About 100 people supporting LGBTQ rights and inclusive school policies to protect them held a counter-protest across the street from the march. (Jacques Poitras/CBC)
"The premier has created a situation where New Brunswickers are yelling at each other in the streets," Opposition Liberal leader Susan Holt said on social media.
"The only way forward is listening, with love and respectful dialogue."
Green MLA Kevin Arseneau contrasted Higgs's appearance with a social media post by Nova Scotia PC Premier Tim Houston that said LGBTQ Nova Scotians "deserve to live without fear and intimidation."
"A premier and an education minister going out there and taking a side, clearly pushing this kind of division and discrimination towards part of the population … I can't help but feel disgusted," Arseneau said.
But Higgs told reporters it wasn't up to him to cool off the increasingly polarized atmosphere, arguing he had provoked a much-needed debate that others had avoided.
"The situation is pretty straightforward," he said. "It's kind of amazing that there's even a discussion of what the role of parents should be with their kids' lives."
The issue of LGBTQ content in schools became a flashpoint in the spring when Higgs made changes to the province's Policy 713.
Education Minister Bill Hogan, who also shook hands with marchers, said there were 'probably some extreme views that I wouldn't endorse' at the event, but 'I do endorse parents' rights.' (Ed Hunter/CBC)
After further tweaks in August, the policy is now clear that teachers will need parental consent before allowing children under 16 to use a new name or pronoun they choose in classrooms.
MLA Jeff Carr, one of six Progressive Conservatives who voted with the opposition on a Liberal motion on Policy 713 in June, said Wednesday that politicians who greet marchers at the legislature should not contribute to polarization.
"I think it is important to try to find a middle ground between whatever sides are out there, rather than continuing to allow them to divide," he said.
Sharon Lee Saulnier, one of the leaders of the march, said Higgs should go further than the changes to Policy 713 with "more investment in what's happening now," though she wouldn't specify what she wants.
Sharon Lee Saulnier, one of the leaders of the march, said Higgs should go further than the changes to Policy 713 with 'more investment in what's happening now,' though she wouldn't specify what she wants. (Jacques Poitras/CBC)
"To be frank, it's nice to see his presence. However — there's always a however — it would be nice to see him more involved and not just show up for photo-ops," she said.
Saulnier insisted the march was not "spreading hate. We are only standing up for the children who have no voice. We are not 'anti' anything."
Higgs wouldn't tell reporters whether he agrees with marchers who said the province should go further and remove all LGBTQ discussion from schools.
"There are lots of signs that show up at rallies," he said. "My position has been clear all along. I don't believe that our education system should be teaching kids to be untruthful with their parents.
"We are going to be insistent that there's a process here where parents are informed, parents make decisions, and they decide. It's not the system deciding for them."
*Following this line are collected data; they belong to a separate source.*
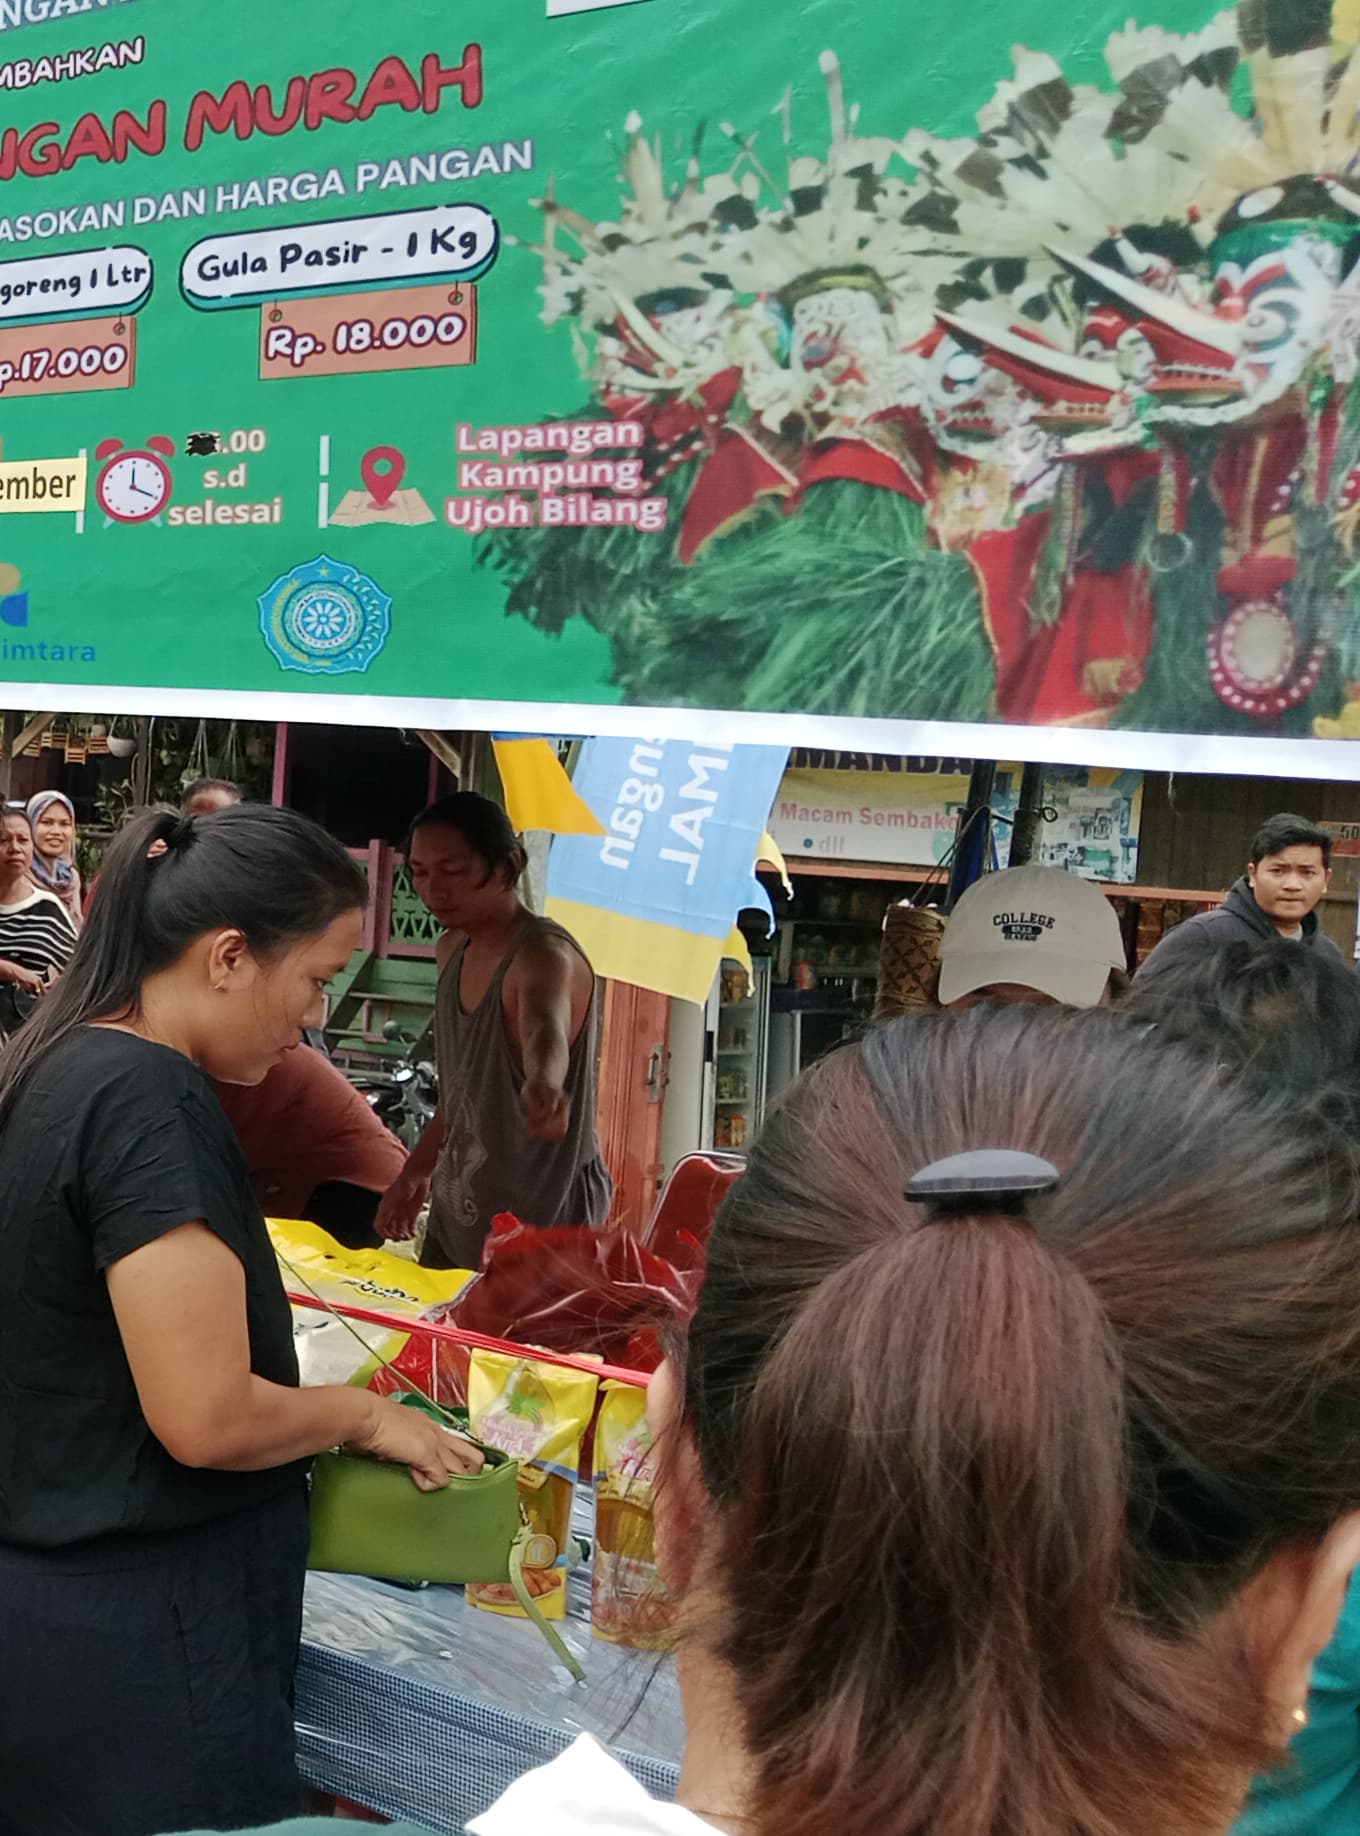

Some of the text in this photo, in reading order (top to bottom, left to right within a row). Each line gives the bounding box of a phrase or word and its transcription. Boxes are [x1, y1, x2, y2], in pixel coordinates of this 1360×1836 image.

[183, 42, 483, 151] MURAH
[133, 188, 206, 227] DAN
[216, 168, 346, 214] HARGA
[356, 139, 534, 193] PANGAN
[196, 252, 268, 282] Gula
[279, 239, 370, 272] Pasir
[407, 231, 419, 258] 1
[430, 224, 479, 258] Kg
[0, 272, 82, 306] goreng
[89, 267, 98, 289] 1
[107, 261, 148, 288] Ltr
[264, 312, 467, 367] Rp. 18.000
[458, 422, 643, 457] Lapangan
[202, 463, 248, 490] s.d
[459, 459, 643, 493] Kampung
[167, 497, 283, 526] selesai
[446, 499, 529, 532] Ujoh
[541, 496, 665, 530] Bilang
[780, 802, 854, 825] Macam
[819, 834, 846, 854] dll
[993, 912, 1057, 929] COLLEGE
Queen Street in Fredericton separated the counter-protesters from the protesters. At one point Wednesday, the marchers and the counter-protesters shouted loudly at each other for several minutes (Ed Hunter/CBC)
Education Minister Bill Hogan, who also shook hands with marchers, said there were "probably some extreme views that I wouldn't endorse" at the event but "I do endorse parents' rights."
He rejected, for example, a sign nearby that alleged schools were "grooming" children to become gay.
"I don't think children are being groomed in our schools, but I think we have an issue in terms of the curriculum and in terms of some individuals in our school system that take things just a little bit too far … so we're working on that and we have to deal with that."
That includes letting parents decide what kind of sex education children learn in school, he said.